==== Working data ====

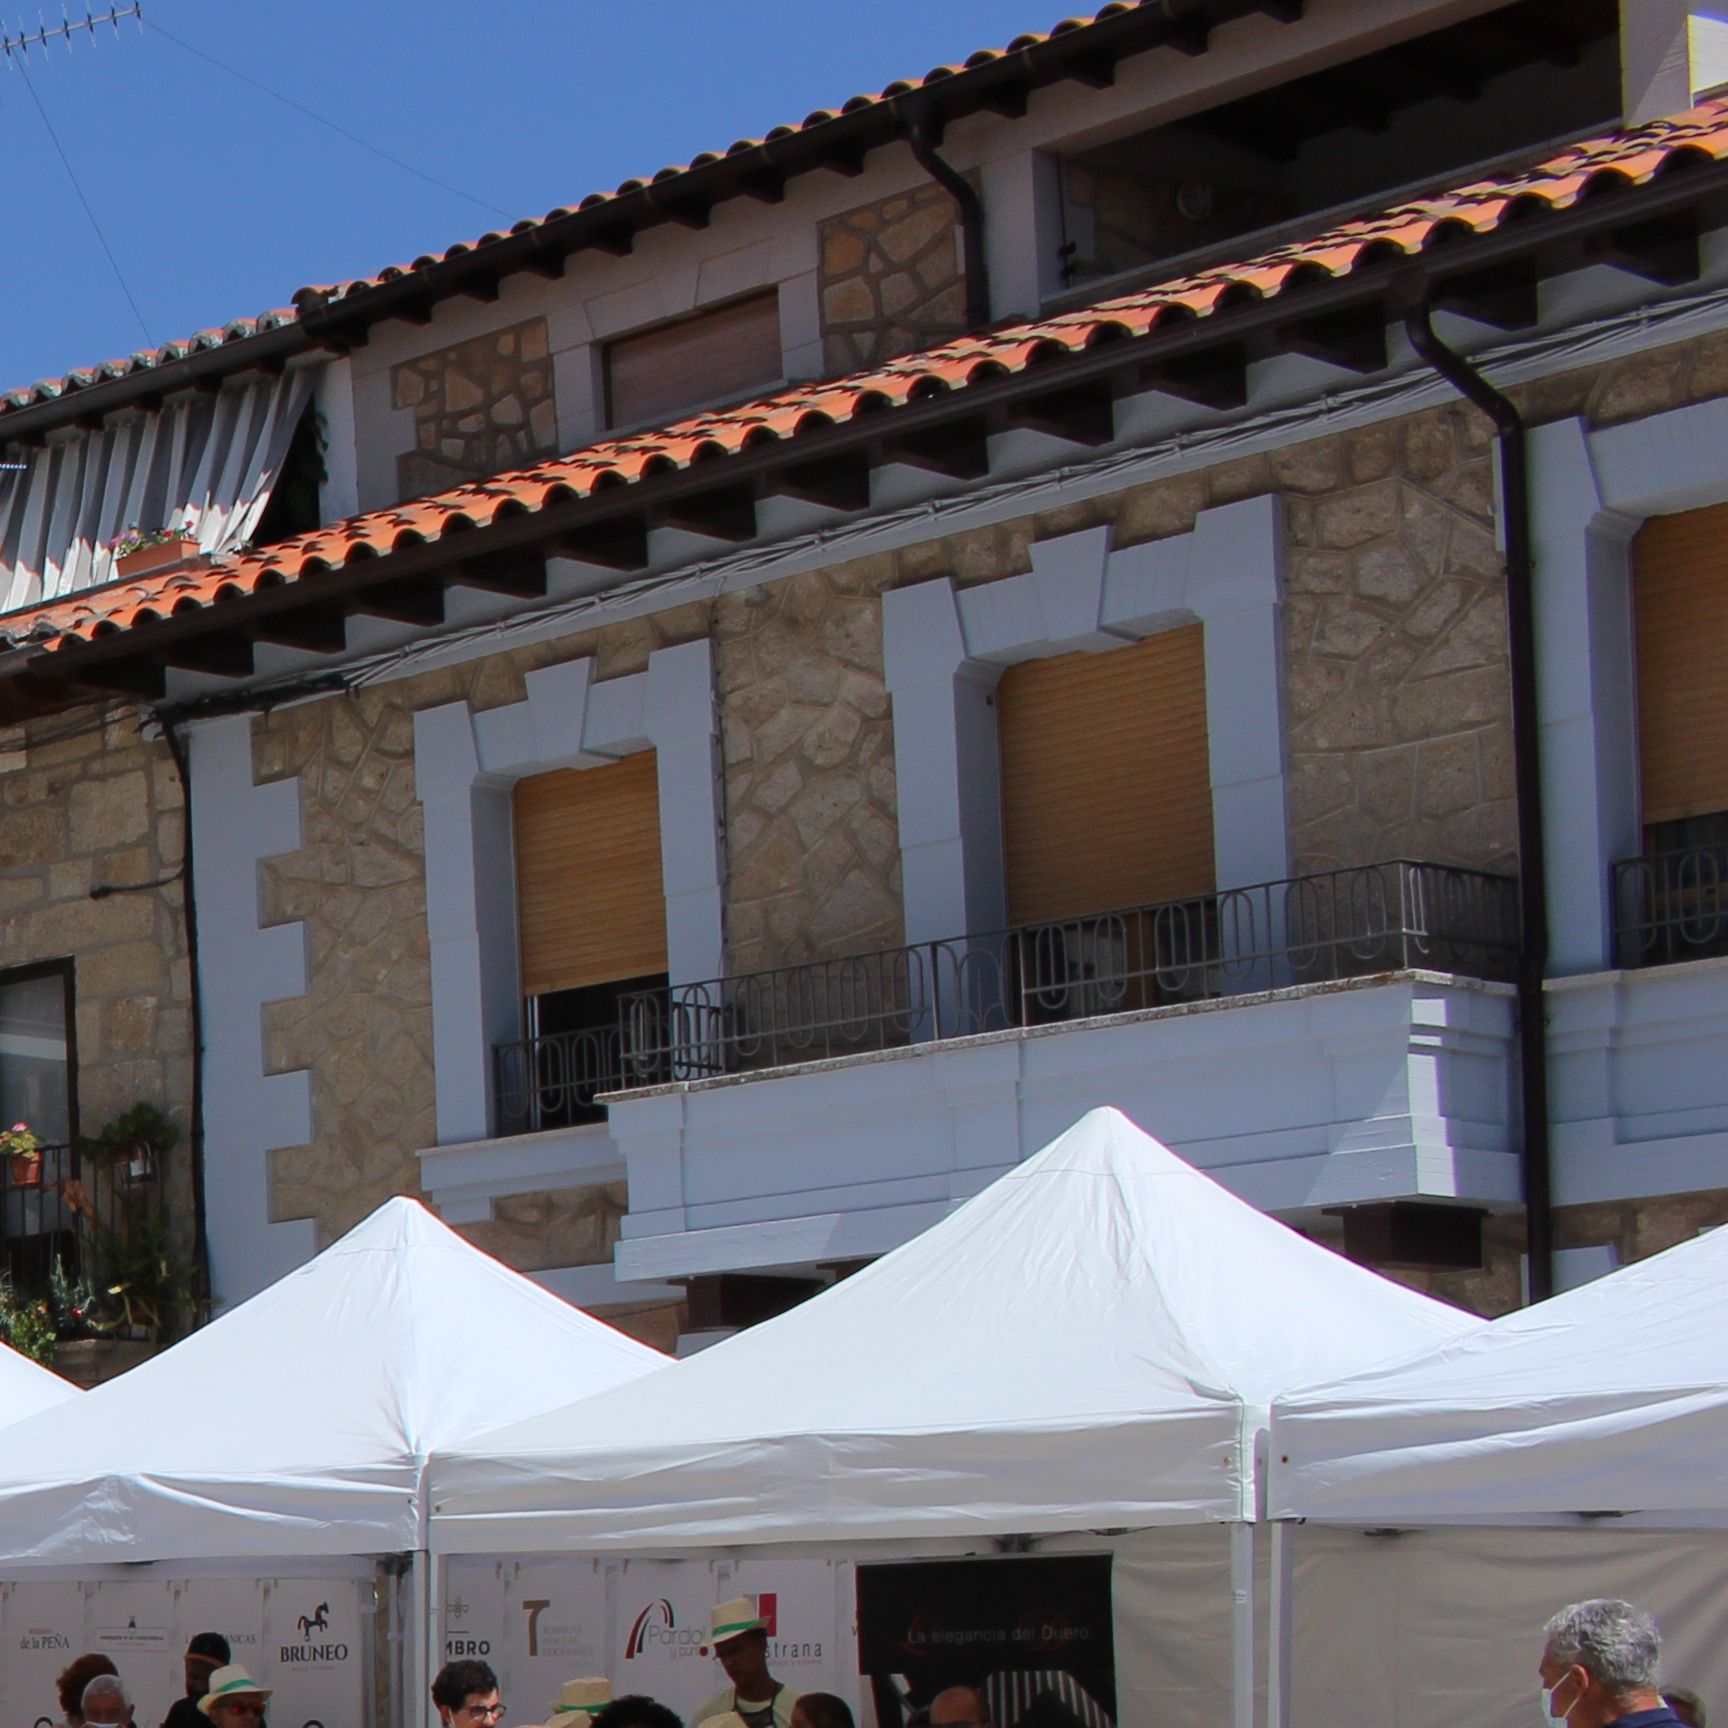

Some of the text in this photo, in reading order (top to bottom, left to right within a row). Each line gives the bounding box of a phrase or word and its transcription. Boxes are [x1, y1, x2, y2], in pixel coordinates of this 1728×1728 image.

[19, 1634, 70, 1650] de la PEÑA
[908, 1625, 1090, 1645] La elegancia del Duero
[280, 1644, 348, 1663] BRUNEO
[765, 1642, 822, 1658] strana

====

_Exercise brief_: Should the entries hold any pictures, please omit those and print the remaining text exactly.

_Result_:
Some of the text in this photo, in reading order (top to bottom, left to right within a row). Each line gives the bounding box of a phrase or word and its transcription. Boxes are [x1, y1, x2, y2], in pixel coordinates of this 1728×1728 image.

[19, 1634, 70, 1650] de la PEÑA
[908, 1625, 1090, 1645] La elegancia del Duero
[280, 1644, 348, 1663] BRUNEO
[765, 1642, 822, 1658] strana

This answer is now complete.